Including the above algorithms, many other techniques (Bhandari et al., 2015; Acharya & Kumar, 2021a, 2021b, 2021c, 2021d; Shoaib et al., 2020; Biswas et al., 2016; Hassan, 2019; Mittal et al., 2012; Ma et al., 2018; Li, 2018) have been introduced for the quality improvement of low exposure images which are based on HE technique. Zhang et al. proposed a smart detection technique (Zhang et al., 2016) for abnormal breasts using mammogram images, in which the preprocessing includes removal of noises, enhancing the images, and removal of background and pectoral muscles. For extracting global features, fractional Fourier entropy has been implemented. For selecting the important features, Welch’s t-test was used. Classifiers like multi-layer perceptron was implemented in this paper and a novel chaotic adaptive real coded bio-geography based optimization is proposed for training such classifier. This technique results 92.52% accuracy and effective in abnormal detection. For the chest CT-based COVID-19 diagnosis, a five-layer deep CNN with stochastic pooling is presented in (Zhang et al., 2021). This technique results an accuracy of 93.64% ± 1.42%, for identifying COVID-19. Performance shows the proposed stochastic pooling yields better results than existing methods.

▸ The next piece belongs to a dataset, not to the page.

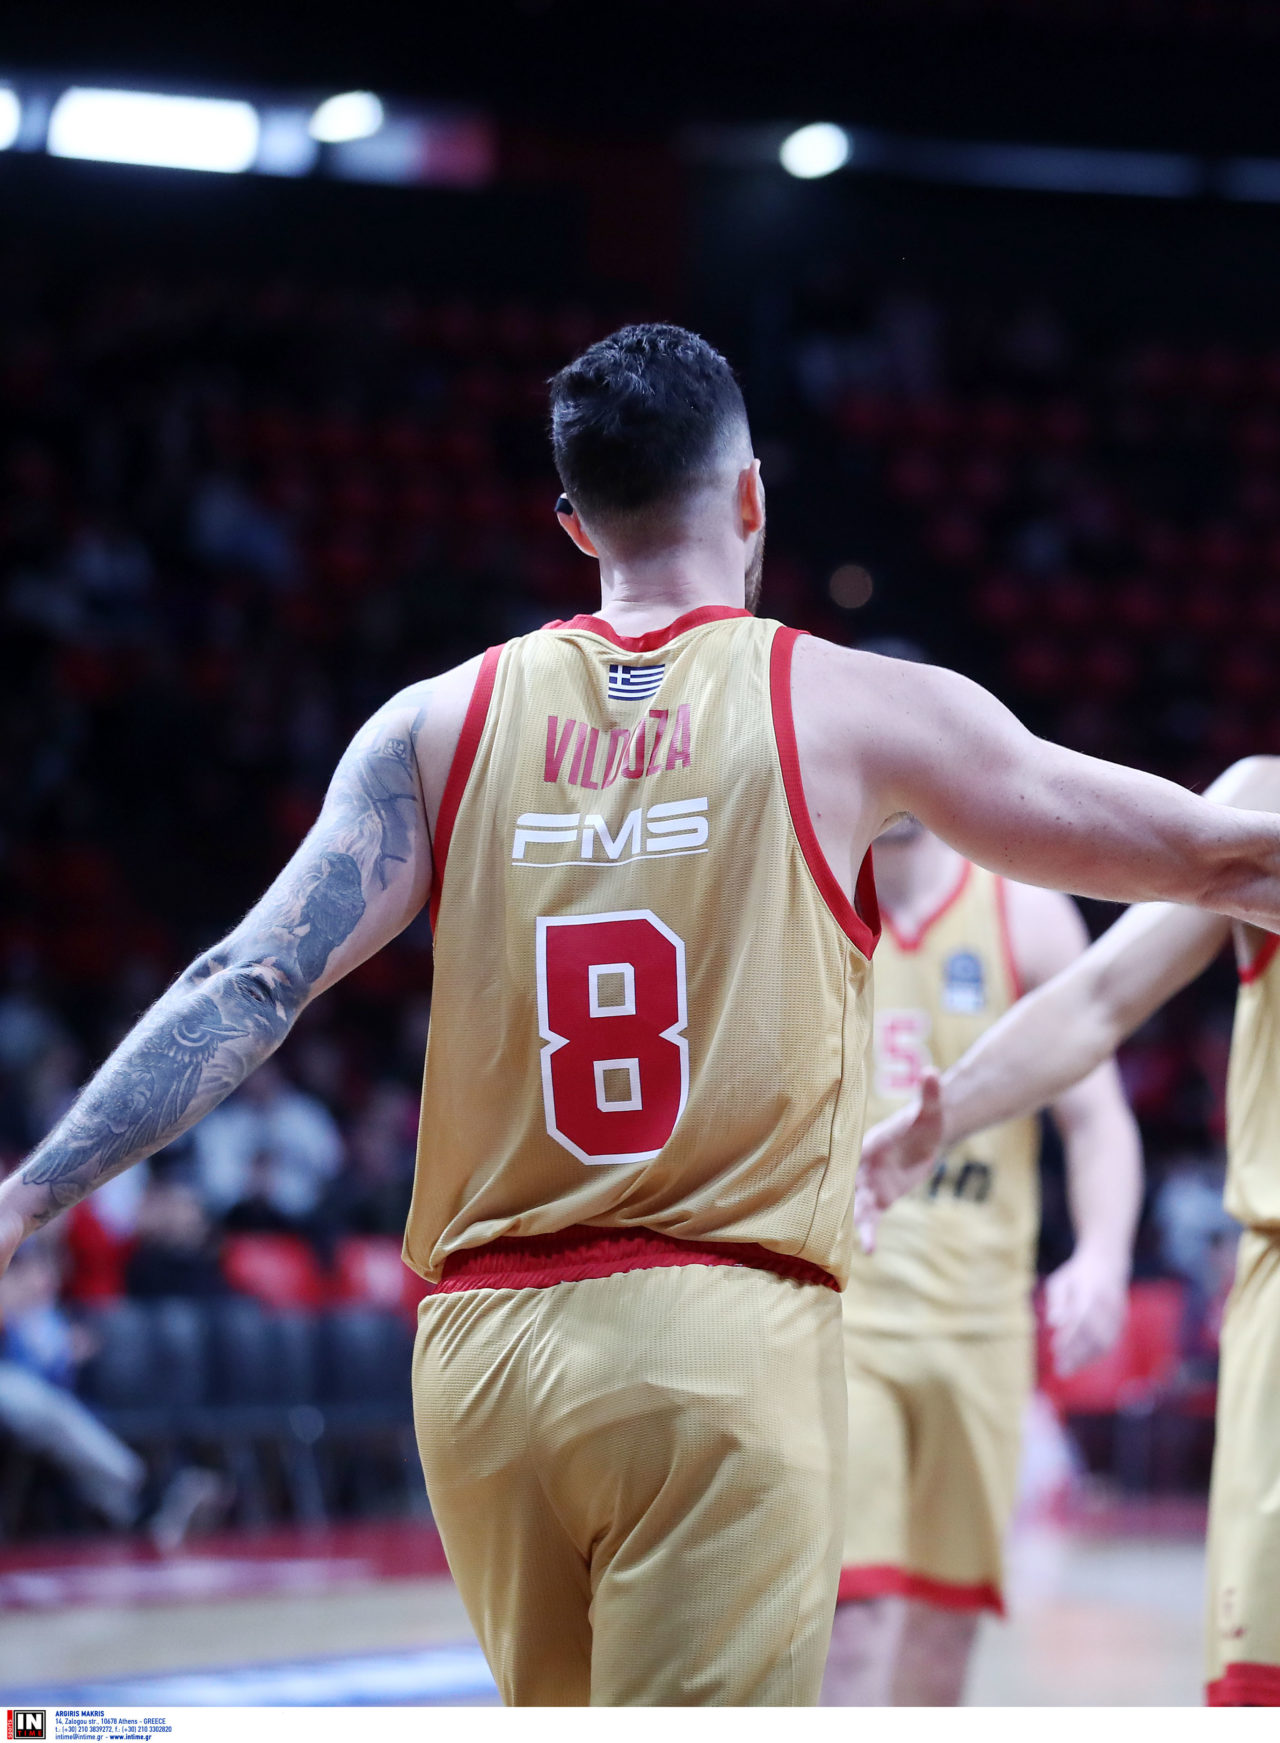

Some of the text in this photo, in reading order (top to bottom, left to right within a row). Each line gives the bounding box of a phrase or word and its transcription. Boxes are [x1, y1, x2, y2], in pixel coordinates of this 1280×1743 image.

[544, 703, 692, 790] VILDOZA
[511, 797, 709, 859] FMS
[535, 909, 689, 1166] 8

But some enhancement techniques produce artifacts, few techniques cause loss of information and affected the structural similarity. Few techniques improve the luminance of the image but cannot separate the object from back ground effectively. In some techniques, there is no control on enhancement rate. So in this paper, a novel image sub-division and HE based enhancement technique is presented to eliminate the above discussed drawback during low exposure image enhancement. The main contributions of this work, for achieving better visibility, for preserving the brightness and entropy, for controlling enhancement rate, and free it from artifacts, are discussed below.

Modification of the PDF of the image using a novel way of image sub-division and clipping technique, to preserve the brightness and entropy.

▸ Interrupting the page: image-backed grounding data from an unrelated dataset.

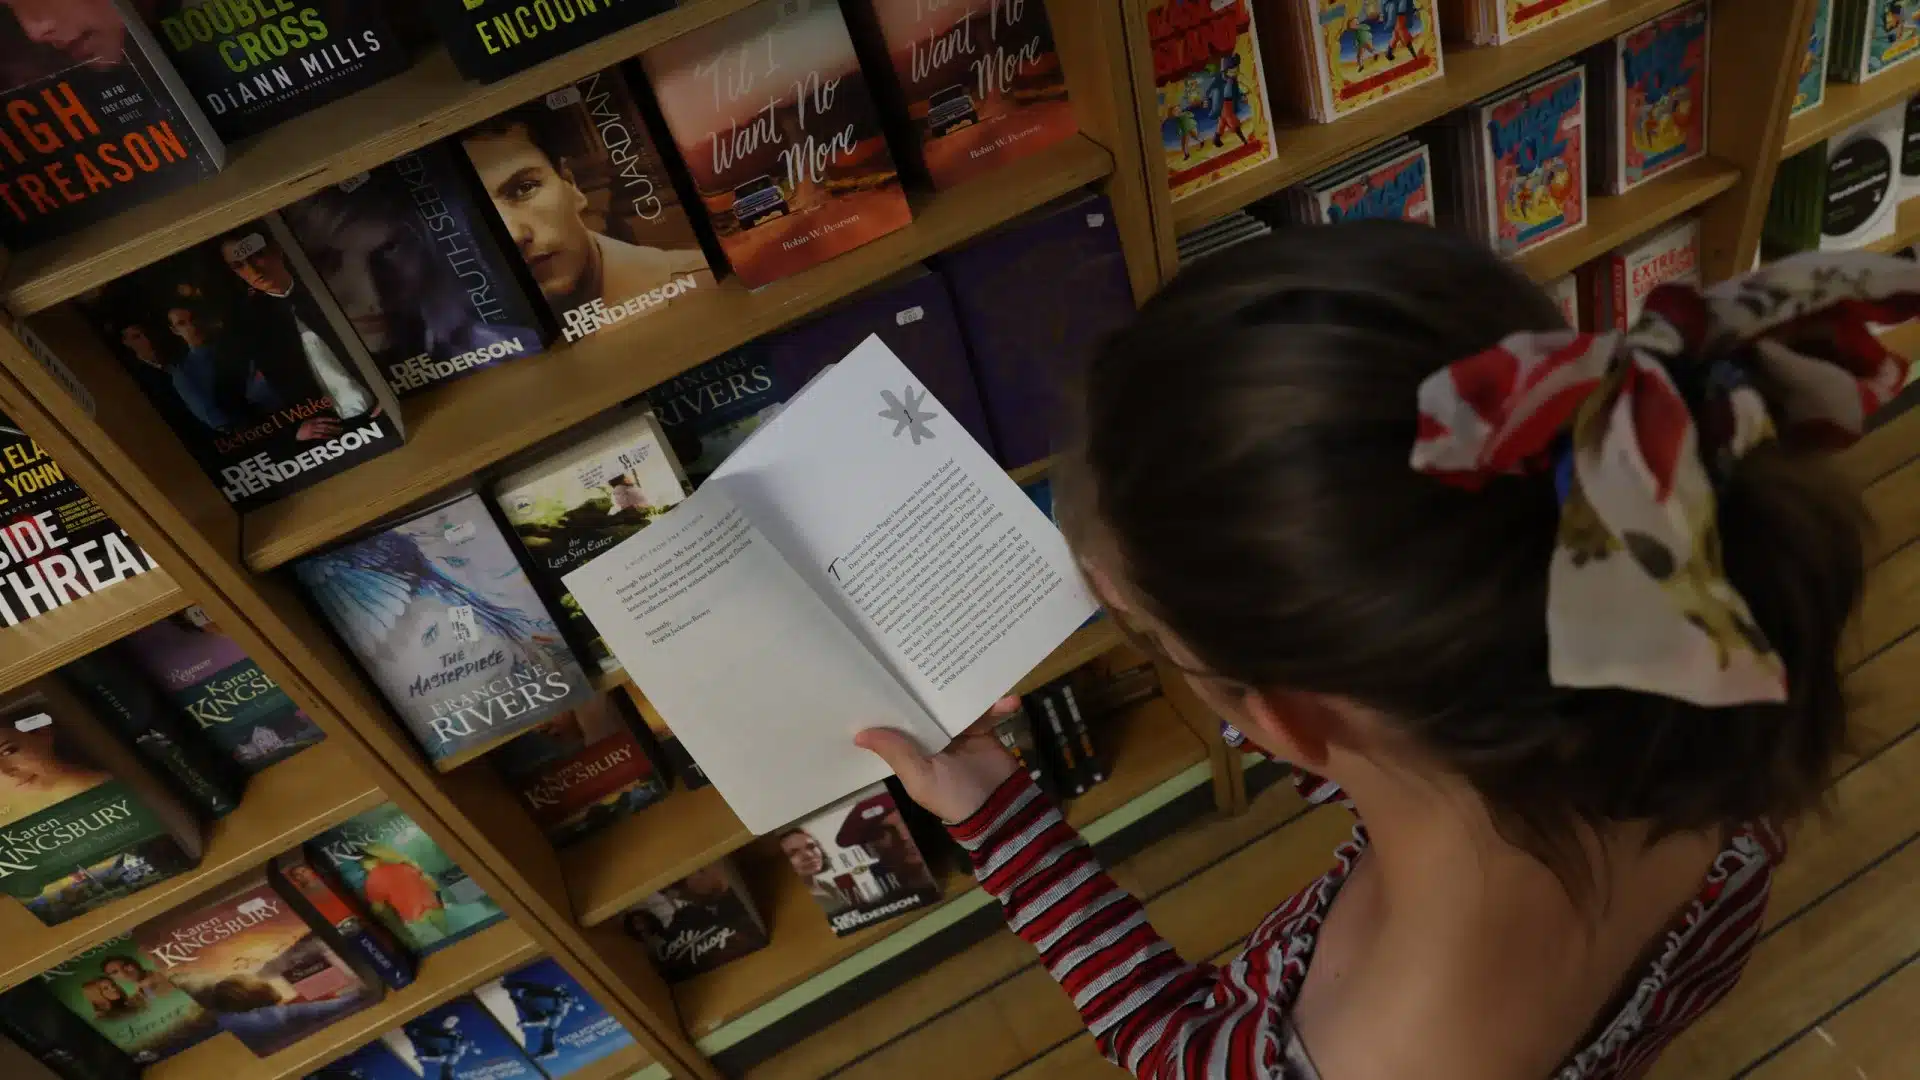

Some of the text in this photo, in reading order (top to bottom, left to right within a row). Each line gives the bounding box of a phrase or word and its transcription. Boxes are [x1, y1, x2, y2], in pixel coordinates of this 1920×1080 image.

[217, 7, 329, 73] CROSS
[300, 29, 381, 78] MILLS
[908, 11, 977, 83] Want
[970, 36, 1042, 100] More
[0, 79, 101, 173] IGH
[577, 72, 663, 221] GUARDIAN
[709, 69, 842, 174] Want No
[970, 140, 997, 160] Robin
[0, 119, 188, 224] TREASON
[778, 123, 858, 191] More
[396, 152, 460, 234] SEEKE
[781, 230, 811, 252] Robin
[823, 213, 861, 234] Pearson
[447, 232, 499, 325] TRUTH
[561, 274, 697, 343] HENDERSON
[563, 297, 606, 326] DEE
[391, 353, 434, 378] DEE
[391, 336, 525, 395] HENDERSON
[282, 394, 333, 424] Wake
[3, 437, 52, 471] ELA
[4, 459, 66, 498] YOHN
[219, 451, 276, 486] DEE
[221, 421, 385, 504] HENDERSON
[0, 509, 69, 571] IDE
[547, 536, 614, 570] Last Sin Eater
[683, 540, 697, 551] hope
[0, 527, 159, 626] THREA
[204, 667, 259, 697] Karen
[408, 649, 505, 697] MASTERPIECE
[439, 650, 465, 670] THE
[184, 673, 279, 729] KINGS
[427, 671, 571, 744] RIVERS
[430, 662, 549, 717] FRANCINE
[0, 799, 132, 879] KINGSBURY
[1, 817, 61, 846] Karen
[152, 900, 281, 969] KINGSBURY
[172, 916, 222, 941] Karen

Controlling the enhancement rate by applying clipping technique to individual sub-histogram separately, in order to find the optimal result.

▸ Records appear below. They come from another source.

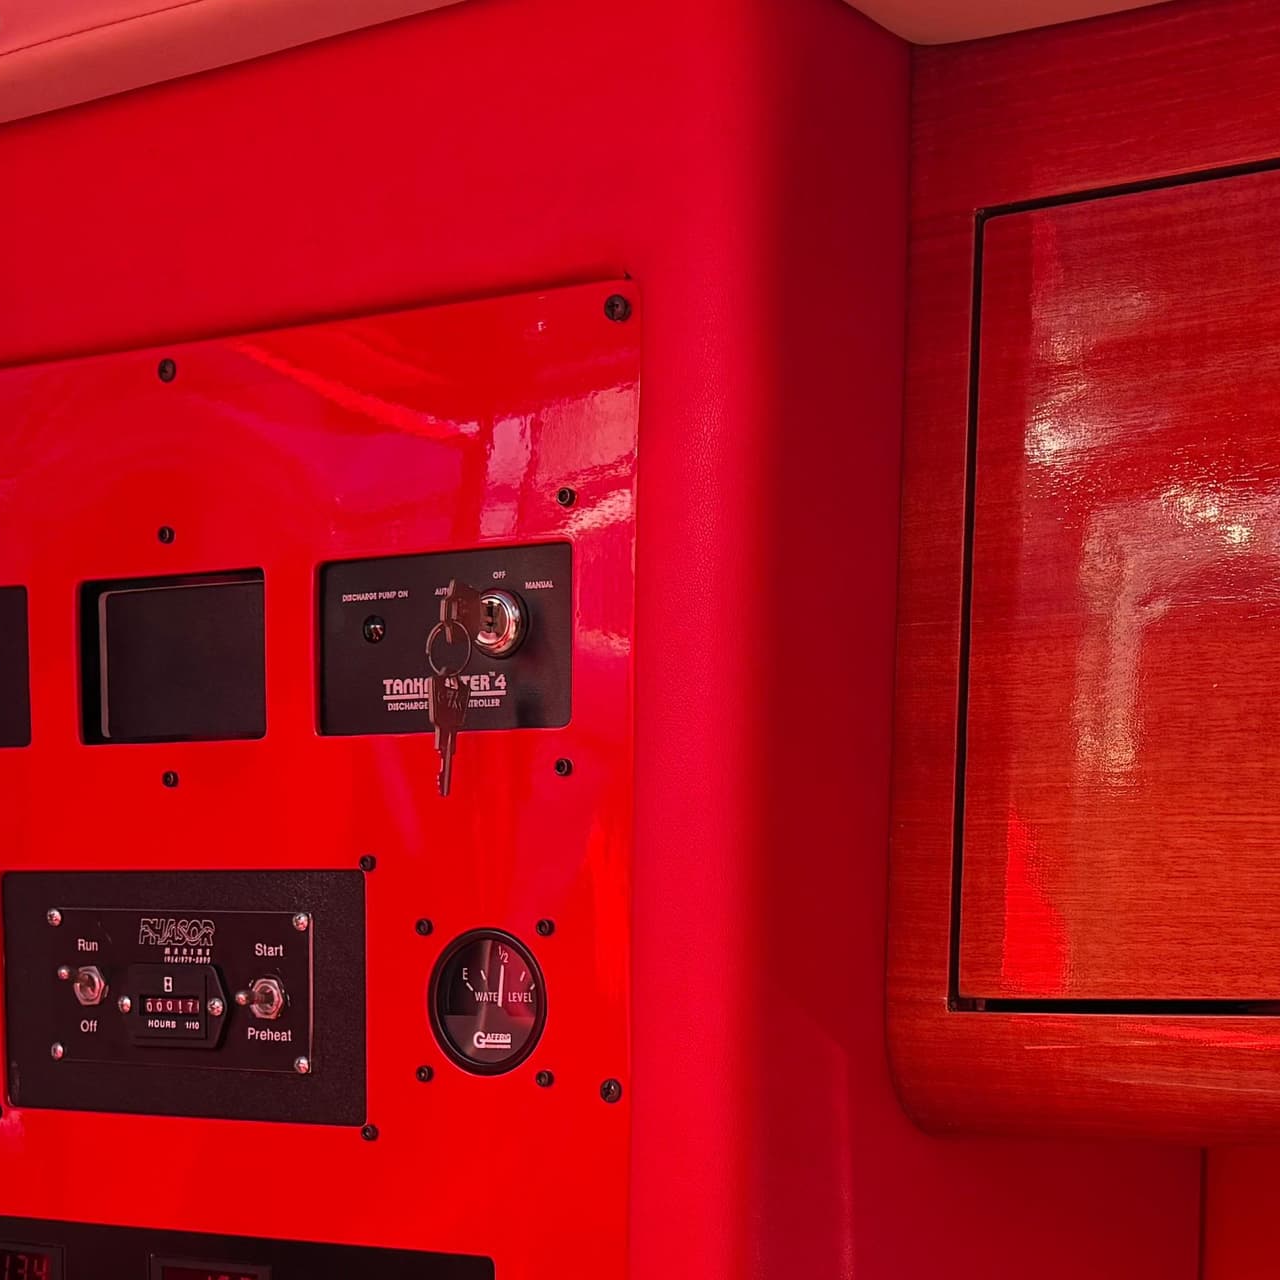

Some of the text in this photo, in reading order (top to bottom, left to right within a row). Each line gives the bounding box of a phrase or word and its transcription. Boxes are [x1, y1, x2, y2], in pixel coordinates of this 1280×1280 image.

[492, 571, 506, 579] OFF
[525, 580, 554, 590] MANUAL
[342, 590, 408, 602] DISCHARGE PUMP ON
[495, 674, 506, 690] 4
[139, 918, 215, 946] PHASOR
[78, 939, 98, 951] Run
[255, 943, 284, 957] Start
[164, 947, 210, 956] MARINE
[462, 967, 468, 980] E
[508, 992, 532, 1003] LEVEL
[80, 1020, 97, 1032] Off
[148, 1019, 200, 1030] HOURS 1/10
[248, 1027, 292, 1042] Preheat

Obtain the new mapping function of individual clipped histogram using modified cumulative density function (CDF).

The Performance of the proposed method is measured by taking number of images from publicly available database (Sipi, 2016; Visual localization, 2020). Comparative analysis is also reported among proposed and some existing methods using image quality metrics such as visual quality, information contents (entropy), AMBE, FSIM, SSIM and NIQE.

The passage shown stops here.